もうめっきりブログも書かなくなってしまい、せめて今年の仕事を終わらせたら書こうかと思いつつ、それも大晦日になってしまった。最近はTwitter (X)などのSNSでもかなりポストが減ってしまい(後述する研究の関係でそこそこ見てはいるのですが)、前ほどメディアに出ることもないので、活動が可視化されなくなってしまったような気がしますが、一応元気にバタバタと仕事しています。老眼がひどくなってきて辛い、というのはありますが、テニスに加えて少しだけ家の近所でジョギングをし始めたこともあり、比較的元気に過ごせているような気がします。

というわけで今年やったことを振り返っておきます。今年は結構新しい展開があったように思われる年でした。まず、2021-2024の3年間やっていたイギリスとの共同研究プロジェクトの成果がたくさん出ることになりました。これまで査読論文を書いていても日本語が中心だったわけですが、英文ジャーナルのエディターとの査読のやりとりが中心になり、自分自身色々と考え方が変わったところがあるような気がします。成果としては、共著者・共同PIであるSteven Pickeringさんの素晴らしいリードもあり、Journal of Ethnic and Migration Studies, Communications, Parliamentary Affairs, Public Understanding of Science, Food Quality and Preferenceといった雑誌で成果を公刊させていただきました(あともう一本Acceptがありました)。共著での貢献は論文ごとに違う感じではありますが、私自身が責任著者の論文はちょっと苦戦が続いているので、来年は何とか公刊につなげていきたいと考えているところです。

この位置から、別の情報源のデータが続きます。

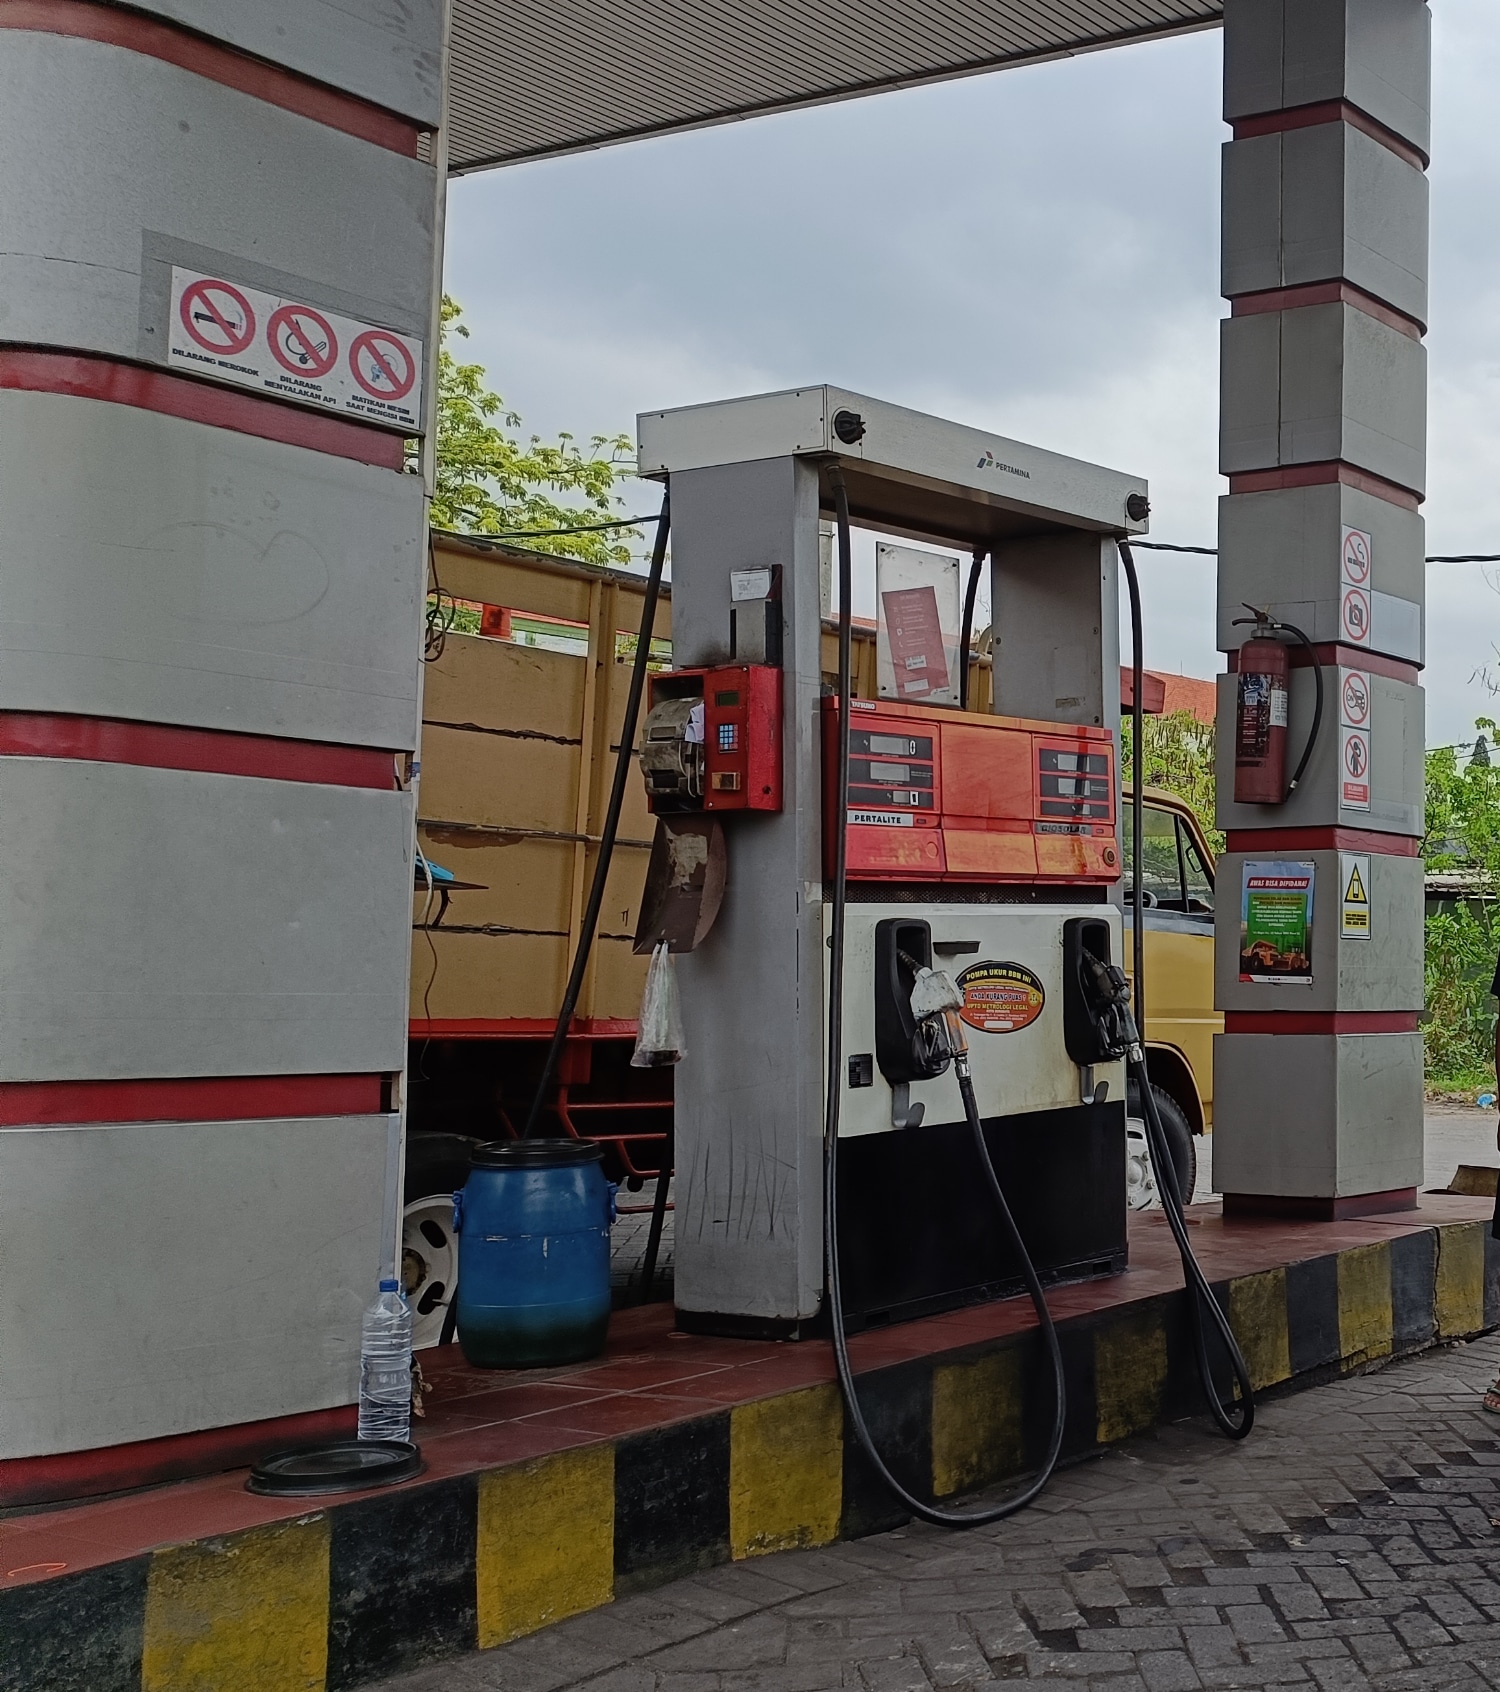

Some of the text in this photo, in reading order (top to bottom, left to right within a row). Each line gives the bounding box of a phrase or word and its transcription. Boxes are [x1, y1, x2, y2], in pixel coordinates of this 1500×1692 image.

[172, 348, 259, 376] DILARANG MEROKOK
[264, 380, 336, 404] MENYALAKAN API
[280, 375, 322, 392] DILARANG
[345, 401, 415, 424] SAAT MENGISI BBM
[352, 395, 410, 415] MATIKAN MESIN
[995, 462, 1031, 479] PERTAMINA
[854, 814, 901, 824] PERTALITE
[966, 968, 1032, 983] POMPA UKUR BBM INI
[970, 992, 985, 1000] ANDA
[986, 993, 1008, 1001] KURANG
[1009, 993, 1021, 1001] PUAS

このプロジェクト以外にも英語仕事は増えているところがあって、2月に野田遊先生が編集されたLocal Governance in Japanという本に寄稿したほか、シカゴのNortheastern Illinois UniversityのMartyn De Bruynさんと神戸大学の増島建先生で始めたブック・プロジェクトへの寄稿があります(まあついさっきまでやっていた仕事なんですが…)。前者は日本の地方政治の制度について議論したもので、後者は共同研究で実施した憲法9条に関係したサーベイ実験の報告です。3月にシカゴでワークショップ報告をしたときはまだよかったのですが、論文書くとなると普段の仕事と結構離れているのでなかなか大変でした…。その他の英語関係の仕事は、7月にIPSA@Seoulでイギリスとの共同研究で書いた論文を報告したほか、6月に日本行政学会・国際交流委員会の仕事で韓国行政学会(Korean Association for Public Administration)に参加しました。韓国に2か月で2回行っていたことになります。もうひとつ、日本政治学会とアメリ政治学会の共同プログラムで、ケネス・マッケルウェインさんと一緒にコーディネーターを務めさせてもらったのは、なかなか大変でしたが良い経験となりました。

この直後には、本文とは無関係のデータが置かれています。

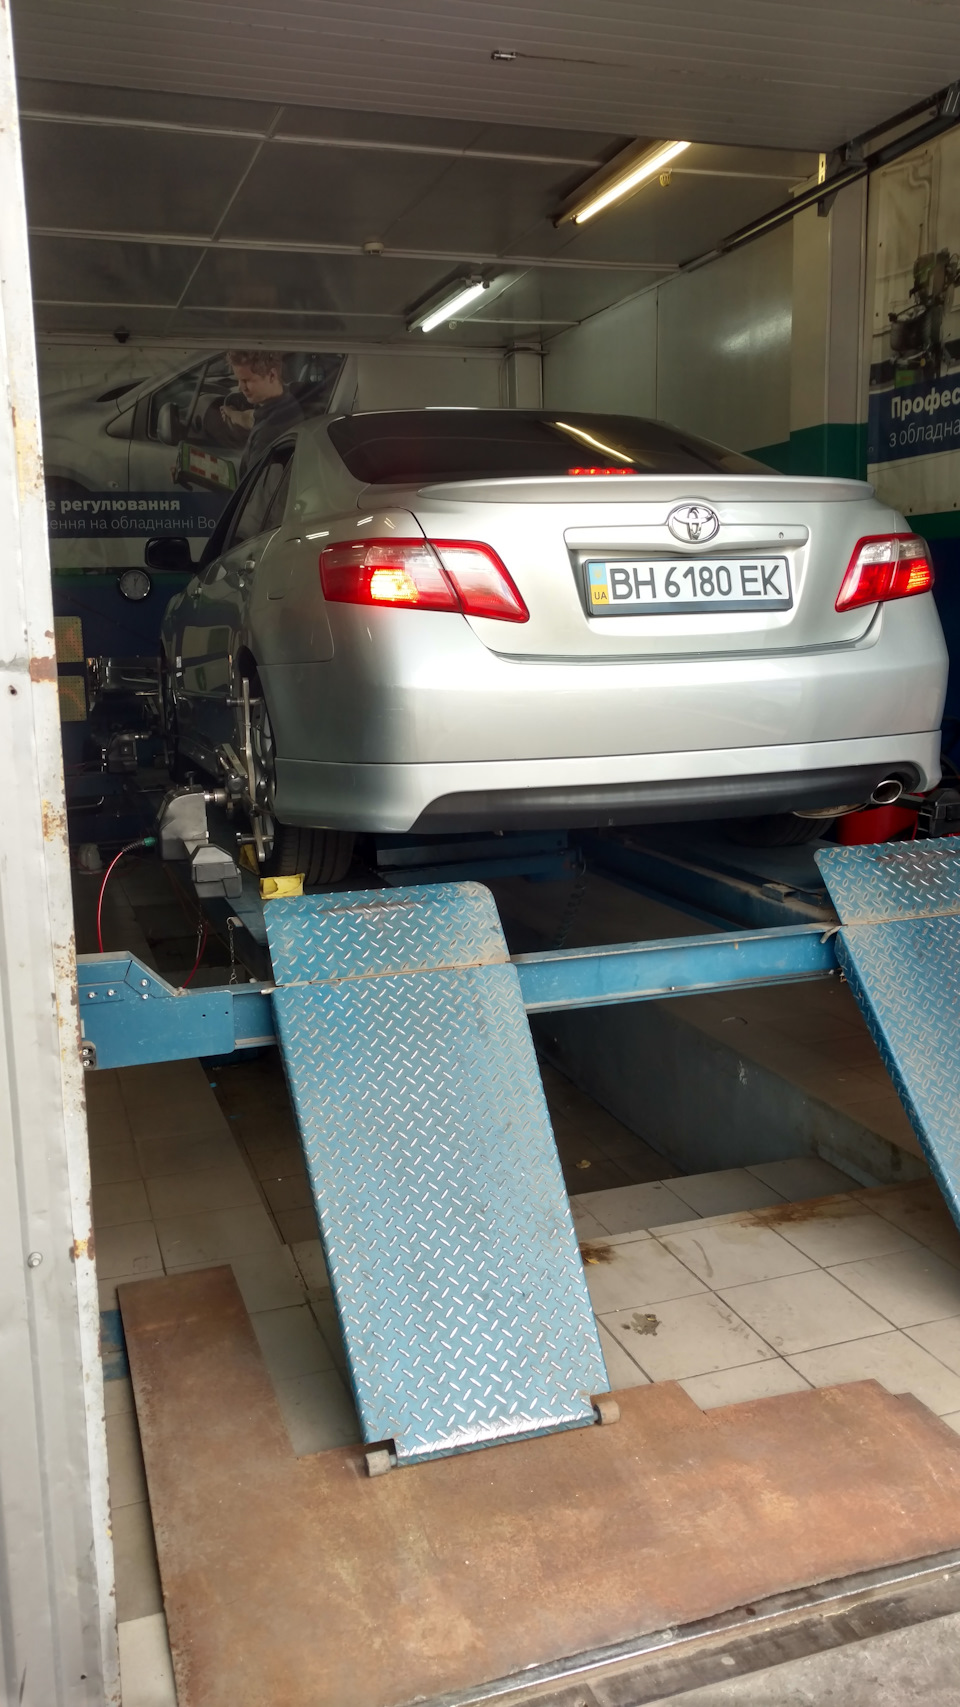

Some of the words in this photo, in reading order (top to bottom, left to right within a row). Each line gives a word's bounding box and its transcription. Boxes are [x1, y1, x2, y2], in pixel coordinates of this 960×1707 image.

[891, 387, 960, 421] Профес
[889, 432, 897, 447] з
[899, 419, 960, 445] обладна
[60, 500, 181, 514] регулювання
[90, 519, 107, 529] на
[111, 516, 194, 531] обладнанні
[609, 567, 657, 600] BH
[664, 565, 732, 598] 6180
[739, 565, 782, 596] EK
[594, 592, 608, 600] UA

日本語の仕事としては、実質的に初めて「編者」としての仕事をした『統治機構改革は教育をどう変えたか』という本をミネルヴァ書房から出版しました。前に『世の中を知る、考える、変えていく』(有斐閣)でも共編者をやりましたが、こちらはそれぞれのテーマの専門家の先生に書き方をお願いするというくらいで、内容まで踏み込んだエディターシップは初めてとなりました(まあ実際その仕事してたのは2024年ですが)。その他、『政治学の第一歩』の改訂(3版)と、上述のLocal Governance in Japanに寄稿した内容を基礎に、日本語で「地方自治体は大統領制なのか?」という点に焦点を当てた『数理とデータで読み解く日本政治』への寄稿があります。その他は現在の地方制度の問題点と考えられる改革について書いた『人口半減ショック 地域の新戦略』への寄稿、それとも関連しますがNIRAでの地方財政制度についての政策提言、みたいな仕事がありました。それ以外の仕事としては、日本政治学会の査読委員長の仕事があります。上にも書いたように、ちょうど英文ジャーナルへの投稿を増やしている時期に査読委員長が当たったので、相互作用でいろいろと考えるところがありました。

査読委員長もそうですが、年を取ってきたこともあって、年相応の管理業務も増えてきます。今年時間を取られたのは大学の評価業務でした。かなりシステマティックになってきたので時間の節約が図られる部分は多くなってきたのかなとは思いつつ、「誰か」がやる仕事が依然として多いのも事実だと思います。やり始めるとキリがないので時間を決めて…と思いつつも、さらに複雑な管理業務になってくるとそれ以外のことができなくなるのも良くわかります。責任を果たすのは大事だと思いつつ、なるべく勘弁してほしいとも思うわけですが…。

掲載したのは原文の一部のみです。